When the 850 or so expected industry professionals pour into the Hyatt Regency Chicago on Jan. 8 for the 17th annual Commercial Real Estate Forecast Conference, they’ll hear from dozens of experts about where the market is headed in 2019. We reached out to two of the speakers, Molly McShane and Drew Nieman, for a preview of what they feel the year has in store for us.
Looking ahead is pointless without context. So how would these two characterize the overall commercial real estate markets in the year that was 2018?
“Highly competitive—both from a developer’s perspective on starting new deals and from an investor’s perspective on asset pricing,” said McShane.
McShane was recently promoted to chief operating officer at The McShane Companies and she will be a panelist on the State of the Market panel at the Forecast. Nieman, an executive vice president in CBRE Chicago’s agency leasing group will speak as part of a new and timely panel, Chicago: A River Runs Through It, which will delve into the recent activity and growth along the Chicago River.

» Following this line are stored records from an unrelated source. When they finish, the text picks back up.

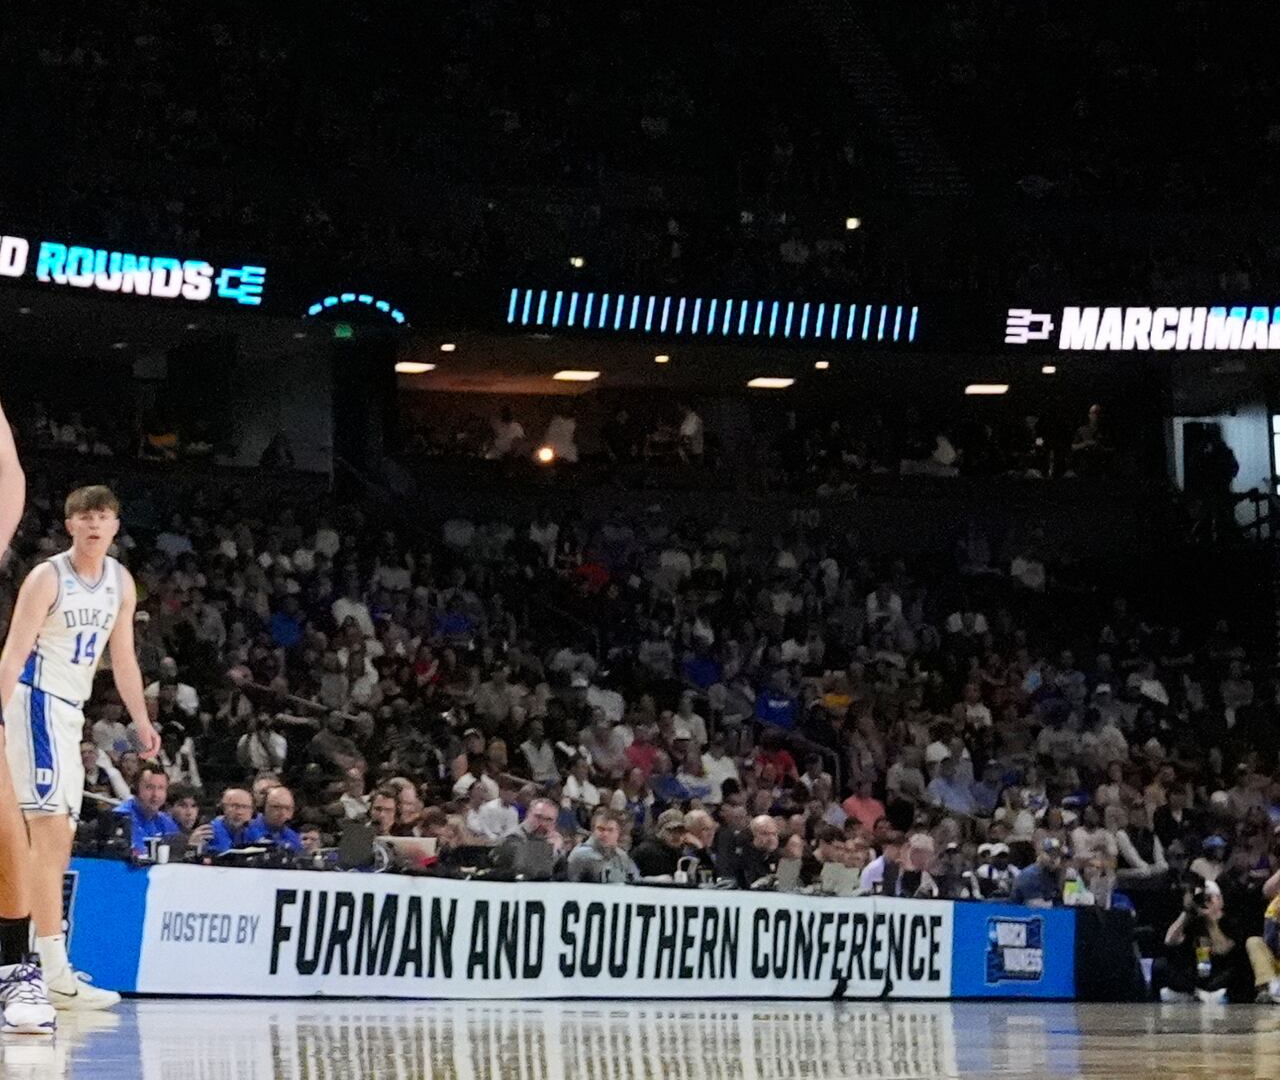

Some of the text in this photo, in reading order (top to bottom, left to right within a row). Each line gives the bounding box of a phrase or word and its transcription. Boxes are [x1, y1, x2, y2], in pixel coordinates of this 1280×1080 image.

[36, 241, 214, 302] ROUNDS
[1058, 306, 1280, 351] MARCHMA
[63, 607, 114, 631] DUKE
[70, 631, 99, 667] 14
[160, 888, 942, 982] HOSTED BY FURMAN AND SOUTHERN CONFERENCE

“2018 was a very good year,” said Nieman. “We had a new tower launch at 110 N. Wacker Drive and two more towers were announced recently at Wolf Point and Union Station. We saw the continuation of firms migrating from the suburbs to downtown and national tech firms expanded in Chicago at an impressive rate. All of this has helped offset the consolidation in the financial and legal industries, as they look to densify space.”
The Wolf Point project is the new Salesforce Tower; CBRE was instrumental in bringing the tech firm to Chicago. At Union Station, BMO Bank will take naming rights and occupy a new office building adjacent to the iconic rail hub.

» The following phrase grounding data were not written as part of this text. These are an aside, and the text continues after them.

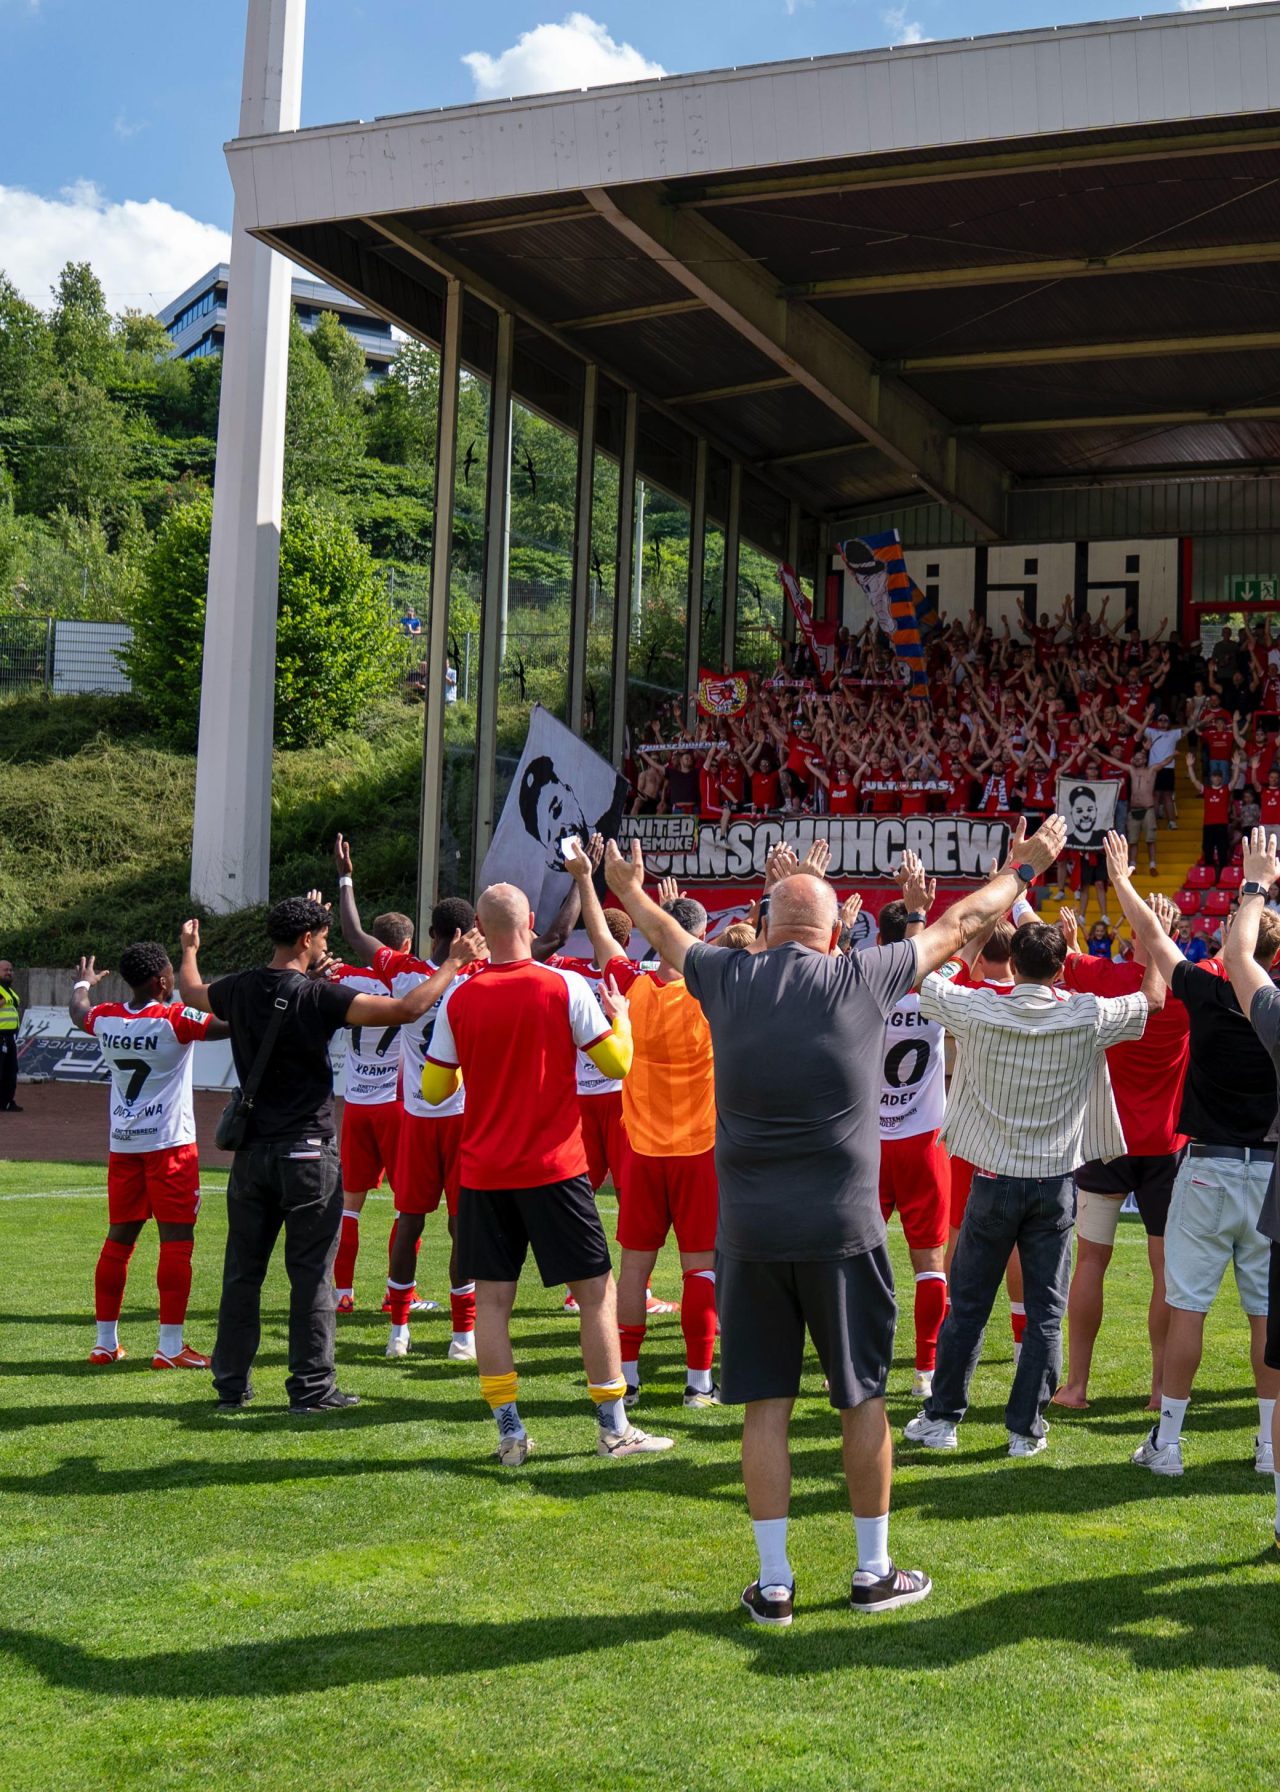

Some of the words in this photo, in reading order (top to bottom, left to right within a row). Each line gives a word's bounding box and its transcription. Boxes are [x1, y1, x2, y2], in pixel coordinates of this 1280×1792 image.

[642, 837, 693, 851] SMOKE
[885, 1012, 929, 1027] GEN
[102, 1031, 159, 1051] SIEGEN
[113, 1059, 152, 1107] 7
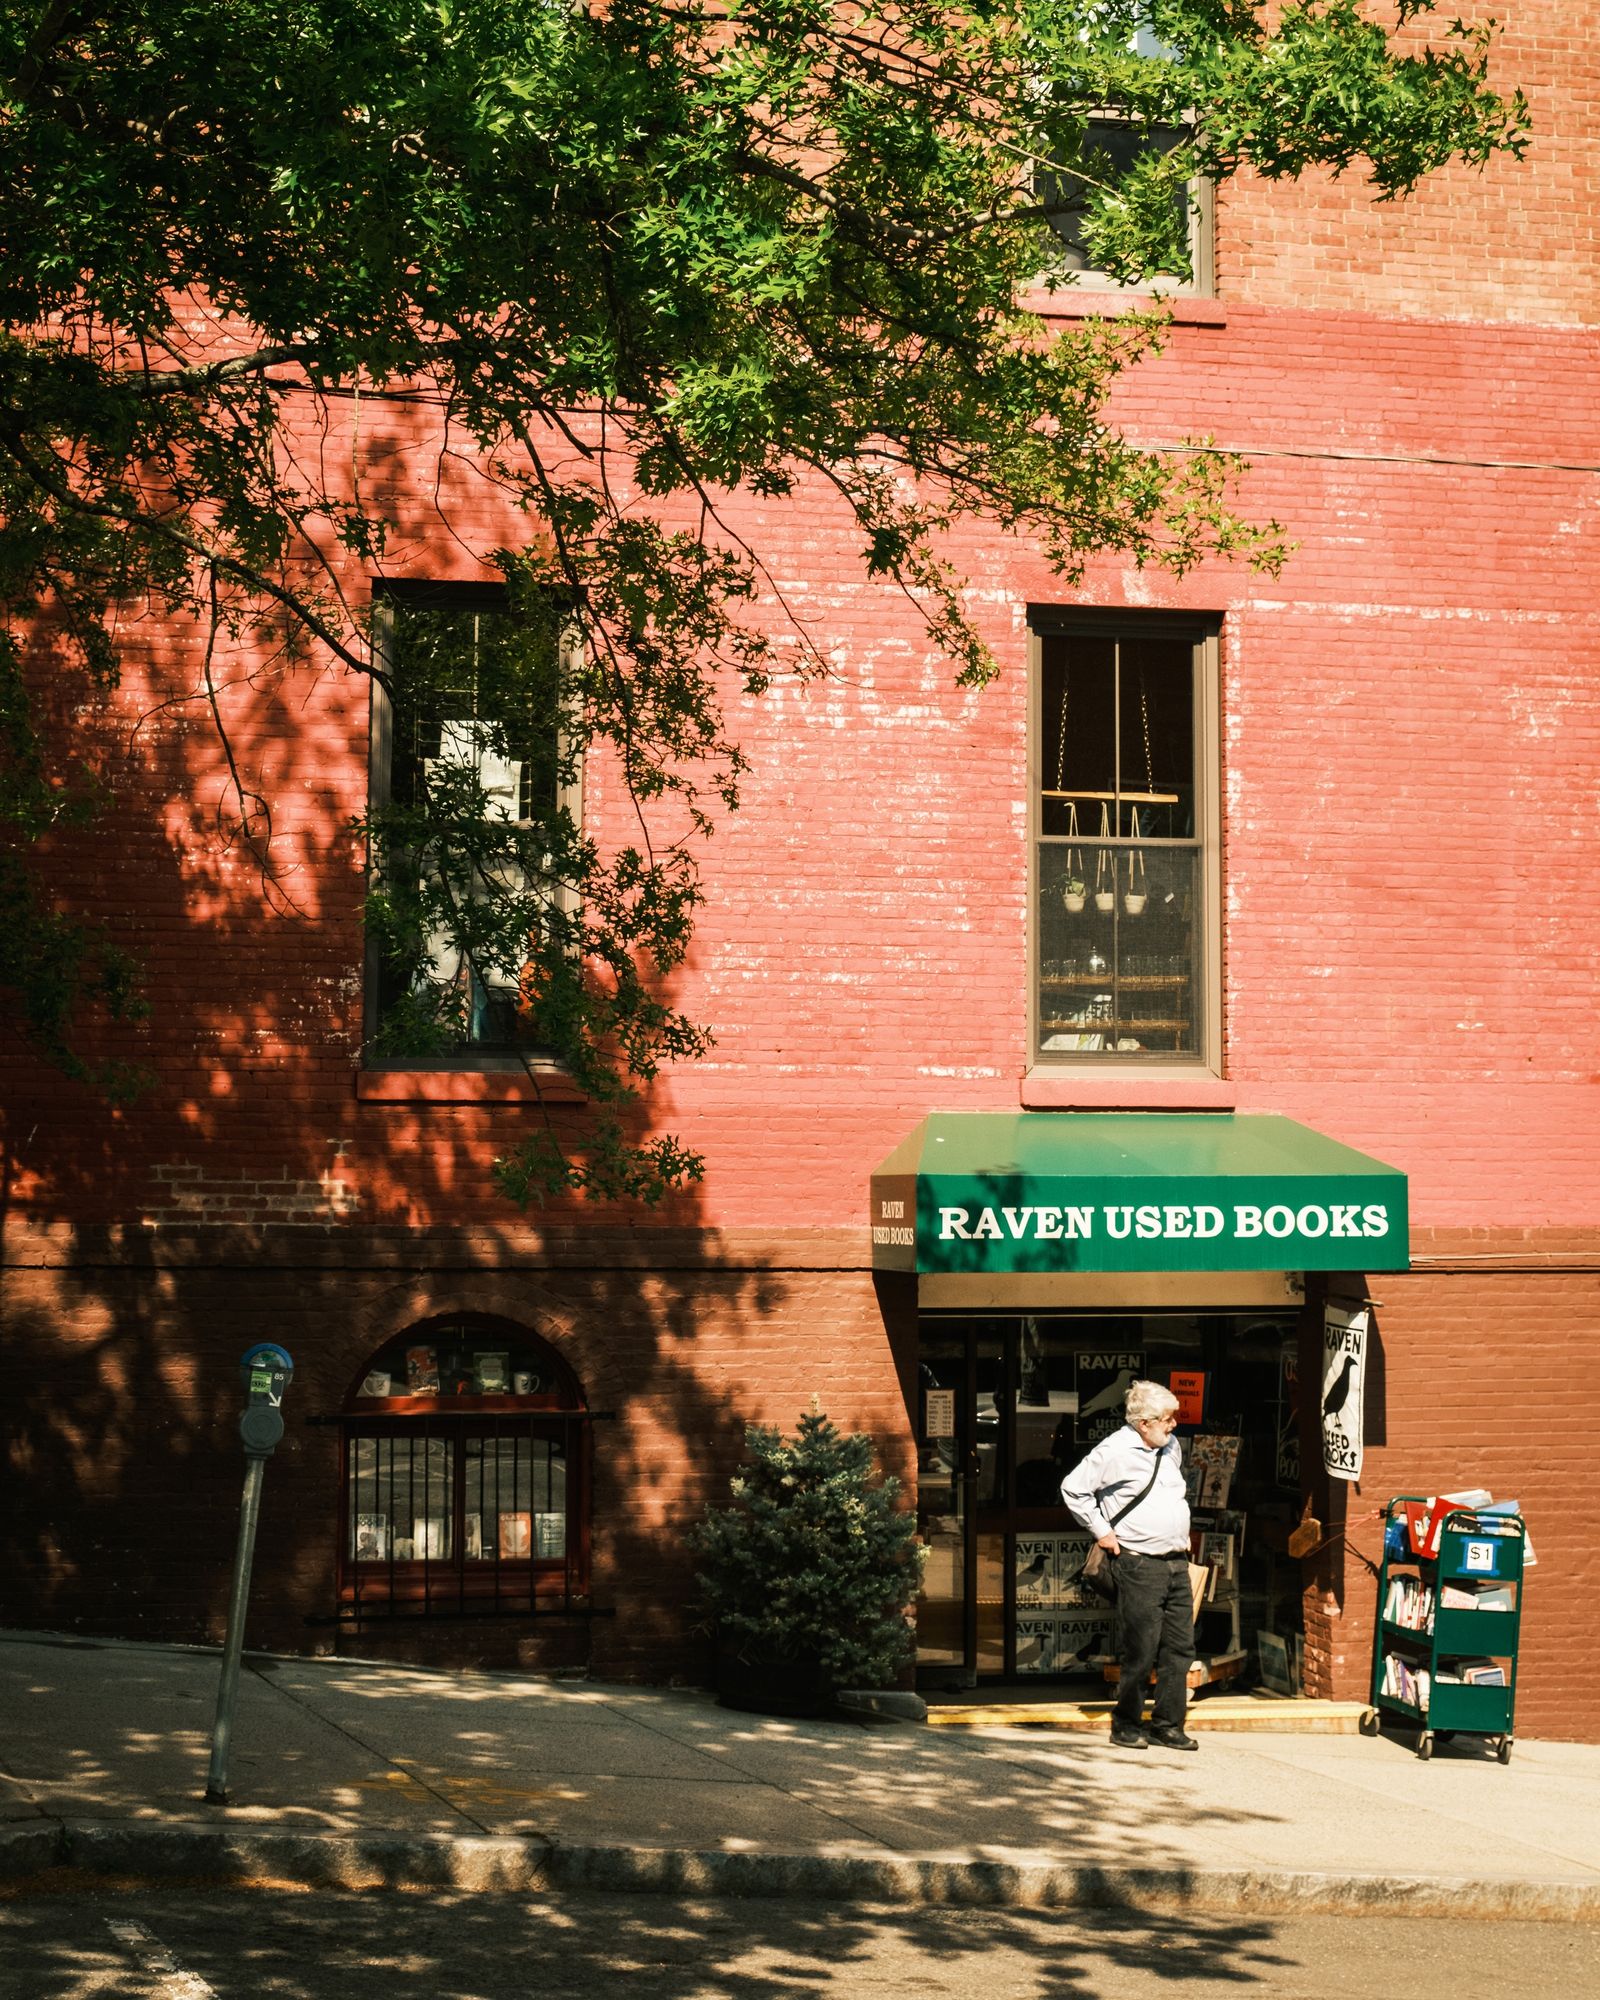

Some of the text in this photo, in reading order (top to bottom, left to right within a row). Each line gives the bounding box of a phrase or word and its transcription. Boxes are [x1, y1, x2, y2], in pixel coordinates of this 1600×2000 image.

[882, 1200, 904, 1219] RAVEN
[938, 1204, 1390, 1240] RAVEN USED BOOKS
[873, 1226, 914, 1246] USED BOOKS
[1326, 1327, 1361, 1354] RAVEN
[1079, 1354, 1141, 1370] RAVEN
[1178, 1379, 1196, 1387] NEW
[1279, 1455, 1300, 1480] BOO
[1016, 1542, 1052, 1554] AVEN
[1060, 1542, 1089, 1553] RAV
[1016, 1622, 1053, 1633] AVEN
[1061, 1622, 1109, 1634] RAVEN

“I think there will be a lot of activity in 2019,” said Nieman. “With two new towers just launched and 110 W. Wacker actively leasing, there is clearly a lot of demand for new space and I think users will continue to look at these projects. It will be more competitive, but all of these projects are delivering at different times. With the staggered delivery, there should be enough activity to sustain them all.”

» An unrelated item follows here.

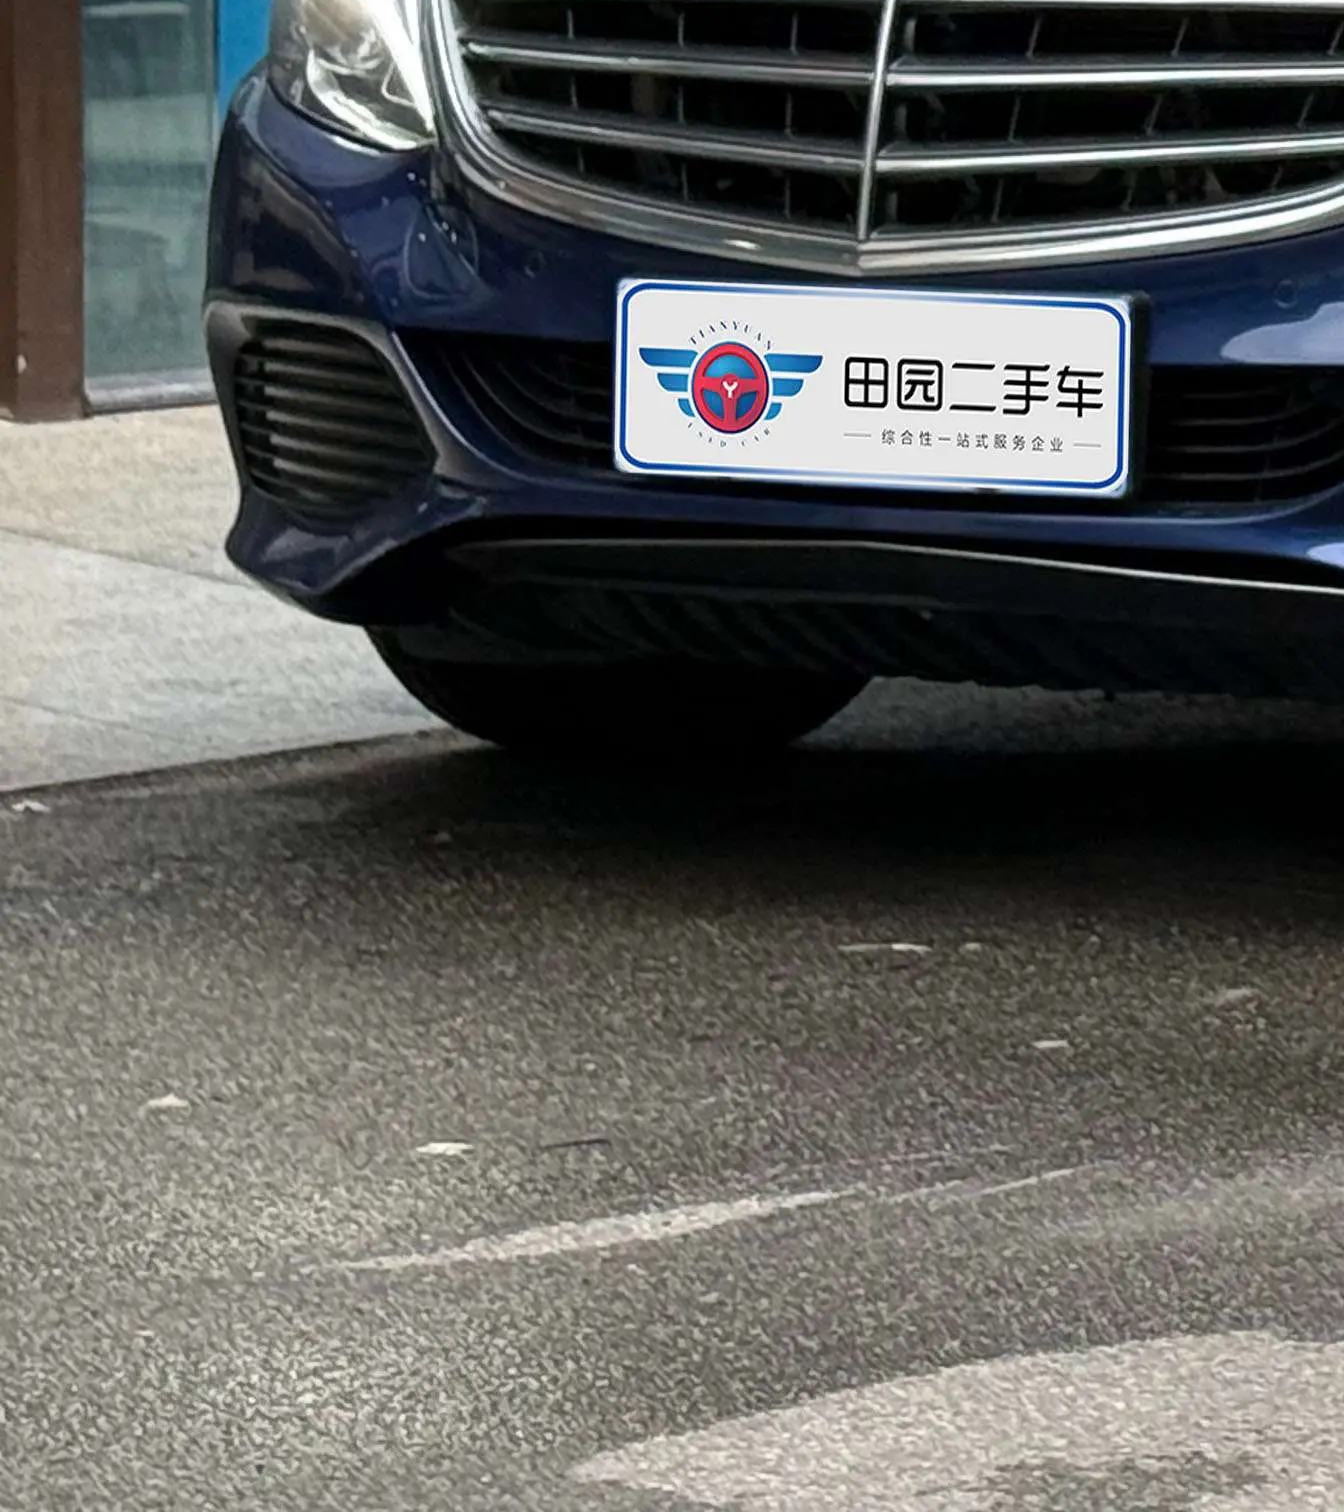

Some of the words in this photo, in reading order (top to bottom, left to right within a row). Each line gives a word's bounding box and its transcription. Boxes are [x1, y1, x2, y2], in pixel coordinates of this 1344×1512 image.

McShane shares Nieman’s optimism, though she is a bit more reserved. She indicated a number of factors that have the potential to hasten the end to this development cycle.
“2019 looks good, but nobody is predicting too far beyond that. Right now the demand drivers for industrial real estate are still strong, and debt and equity capital remain available,” said McShane. “The geopolitical risk environment is a bit concerning; trade wars would hurt. Also the continued increases in construction costs and land prices make many deals hard to pencil out.”
That said, there’s no denying the near-historical performance of one asset class, nor is there reason to assume it will slow anytime soon. “I believe well-located, well-designed industrial facilities will continue to be highly sought-after investments,” McShane said.
The Chicago metro had a 2018 that was respectable by just about any metric. However, the region suffered a blow when Amazon split its HQ2 sweepstakes between two East Coast markets and again when Apple announced a $1 billion investment into a new Austin campus.
For her part, McShane was not surprised by the loss of HQ2. “Chicago is a great market to work and live in, but our fiscal situation eliminates us as a good option for a lot of groups,” she said.
It’s hard to ignore the fact that, while Chicago will always be the heart of the Midwest and has ably attracted corporate relocations from the suburbs and second-tier markets, large-scale firms seem to be scared off on making massive investments here. Nieman, however, remains bullish on Chicago’s ability to attract hyperscale users.
“I think large firms are seeing the overall occupancy cost benefits in Chicago when compared to the coasts,” said Nieman. “The costs are significantly lower and we have an excellent workforce. We have seen some big expansions from national tech firms in the last year and I think national users will continue to see Chicago as a place to expand.
One thing that Nieman finds interesting when it comes to the downtown office market is the fluctuation of the downtown core. The very definition of what the center is and the boundaries are of the Chicago CBD has shifted over time.
“When I started, the epicenter was considered Madison and Monroe and then it expanded to Wacker. Now, we don’t really know where Main and Main is,” Nieman said. “We have seen Fulton Market expand rapidly and it still has room for growth. River North has become a major destination. We also have these new megaprojects—the 78, Lincoln Yards and the Chicago Tribune site on the North Branch.
“All of these projects are pushing the boundaries of the traditional office market,” Nieman continued. “There is a lot of infrastructure improvement that is still needed to make these a reality, but they are exciting projects and it has been very interesting to watch the evolution of the market.”
The question on everyone’s mind this late in the cycle is how much time do we have left? Nobody wants to be caught celebrating a bull market as the bear’s shadow overtakes them.
“There’s a ton of runway left—we just have to be smart about where we play,” said McShane. “It’s not evenly distributed. I think being volume-driven at this point is a risky strategy.”
“Outside of a global downturn that is out of our control, I feel good about Chicago and optimistic that 2019 will have more than its fair share of activity,” said Nieman. “The only thing that is a question mark about 2019 is the mayoral transition. There are a lot of candidates and they have varied opinions on Chicago and development as to what is important. The eventual winner could affect activity. We will just have to wait to see how.”